Michael Issenberg, chairman and CEO, Accor Asia Pacific, told TTG Asia that “every little bit counts at this stage”.
The company oversees 30 hotels in Singapore, including Raffles Hotel Singapore.
Issenberg said: “Today, more than ever, we are concerned with the welfare of our local employees, so the enhanced JSS will be a welcome relief for our hotels to help us care for our teams in this time of crisis.
“In the medium-term, training will also be beneficial to nurture staff motivation and help us ensure that when travel rebounds, Singapore is ready to welcome travellers back in the most professional way possible.”
While applauding the Singapore government’s support to ensure the long-term viability of the country as a tourism and events hub, Issenberg also expressed a desire for other governments in the region to follow suit.
Although Tan Shin Hui, executive director of Park Hotel Group, regards the Resilience Budget as a “powerful cocktail of short term, mid-term and long term measures that help with cashflow and costs, availability of credit, saving and creating jobs, and support for lower income earners”, she is reserving her views on whether the lifeline will truly be able to alleviate the current financial hardship felt by hotels.
“The main challenge most hotels have is the high and inelastic cost base.
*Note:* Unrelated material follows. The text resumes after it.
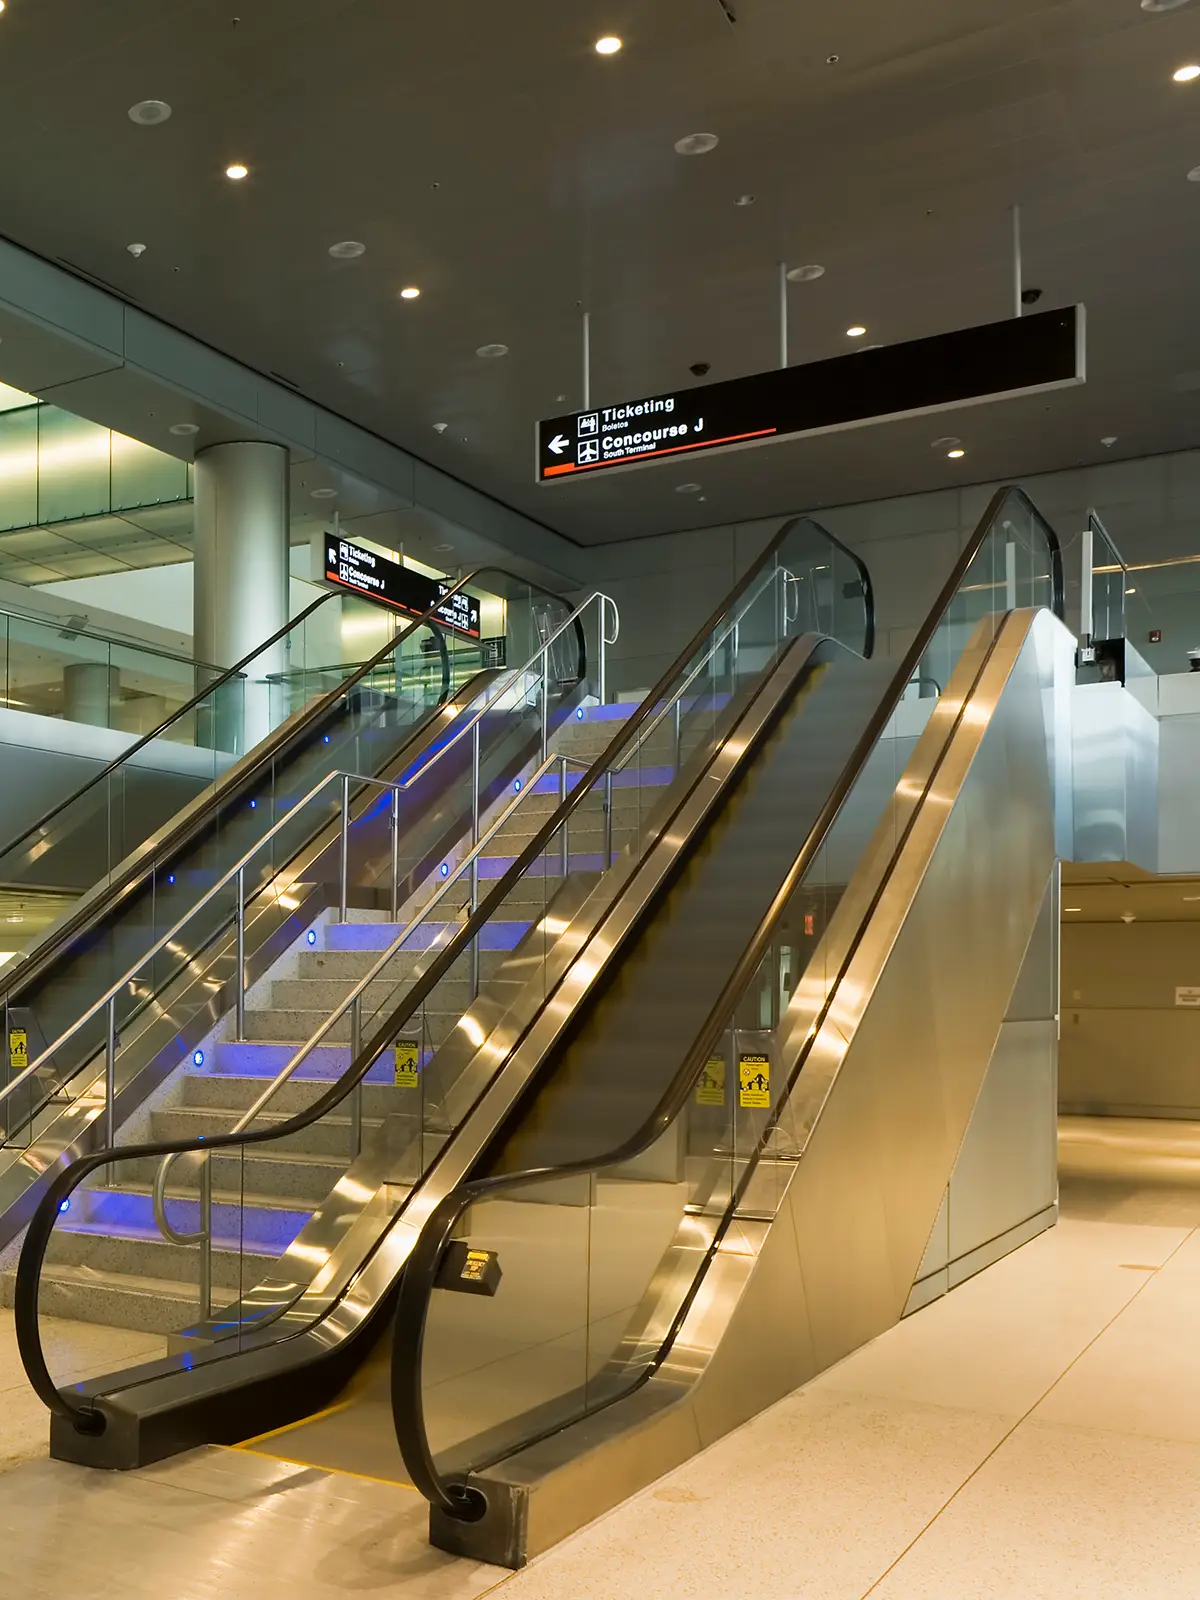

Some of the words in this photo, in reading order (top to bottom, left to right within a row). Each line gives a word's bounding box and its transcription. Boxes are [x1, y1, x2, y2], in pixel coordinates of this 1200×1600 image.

When revenue falls drastically and swiftly as witnessed during this crisis, hotels are not able to react fast enough to contain costs,” Tan elaborated, adding that labour cost forms the bulk of hotel overheads.
Tan shared that Park Hotel Group has implemented voluntary no-pay leave across the board and is gradually moving into four-day-work weeks.
“We need to be very careful and sensitive when implementing any cost containment measures (regarding labour) as that impacts the livelihood of our team members,” she said.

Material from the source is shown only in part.